ETS Mixed Practice Set RC

In this question, I thought that in line 28 where it says “Bach’s music (originally composed for the harpsichord)…” did not entail all of Bach’s music. Hence, when it said in option A, “a Bach keyboard piece” I thought that it was a piece that was originally intended for the keyboard. Where did I go wrong in arriving at that conclusion and how can I correct it in the future? Thanks!

Ideally, you would have predicted that the answer would have to do with playing a piece on the same instruments that a composer intended.

Then you could have narrowed your choices down to A and E, knowing only one of these can be correct.

Eliminating choice A is a little tricky, since at first glance keyboard could refer to either harpsichord or piano. This is technically outside knowledge, but a harpsichord is an instrument closely related to, but sonically distinct from, a piano. In other words, they both have keyboards but produce very different sounds.

Aside from using outside knowledge, you can infer that harpsichord is a keyboard instrument via the text:

One important figure to emerge in the period, though a harpsichordist rather than a pianist, was Wanda Landowska. She demonstrated how the keyboard works of Baroque composers….

In order to determine which type of keyboard the music is written for, we can finish the above sentence, as well as look to the other mention of keyboard in the passage:

She demonstrated how the keyboard works of Baroque composers…probably sounded in their own times.

Bach’s music (originally composed for the harpsichord) now sounded inappropriately thick when played on the piano.
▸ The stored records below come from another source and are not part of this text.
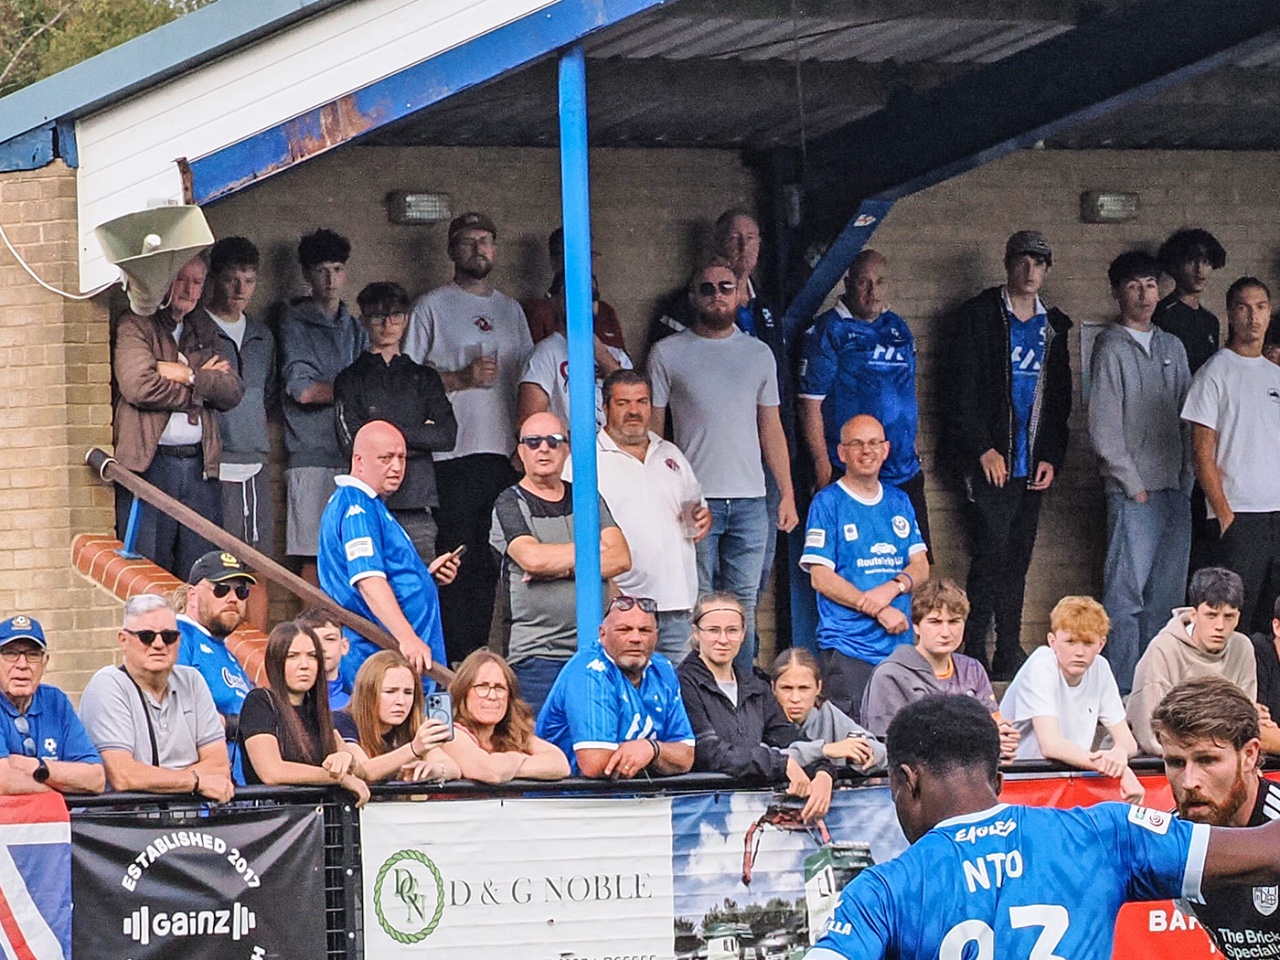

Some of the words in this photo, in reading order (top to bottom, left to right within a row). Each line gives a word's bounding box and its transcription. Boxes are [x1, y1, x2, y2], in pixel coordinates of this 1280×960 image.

[955, 818, 1017, 844] EAGLES
[121, 832, 227, 892] ESTABLISHED
[227, 849, 261, 888] 2017
[962, 850, 1023, 893] NTO
[450, 879, 472, 906] D
[480, 878, 501, 905] &
[511, 877, 532, 905] G
[544, 873, 653, 903] NOBLE
[1217, 928, 1244, 944] The
We have two indications that these keyboard pieces were intended for harpsichord, since playing them on piano produced an inferior, or at least an ahistorical, sound.

Additionally, E specifies the sonata was originally written for piano, but played on a harpsichord. This tells us the intended instrument and the performance instrument are unequivocally different, which is exactly what Landowska advocated against.

Since choice E lacks any ambiguity about the instruments being different than the composer hoped, and choice A has no evidence to support such a deviation, we should choose choice E.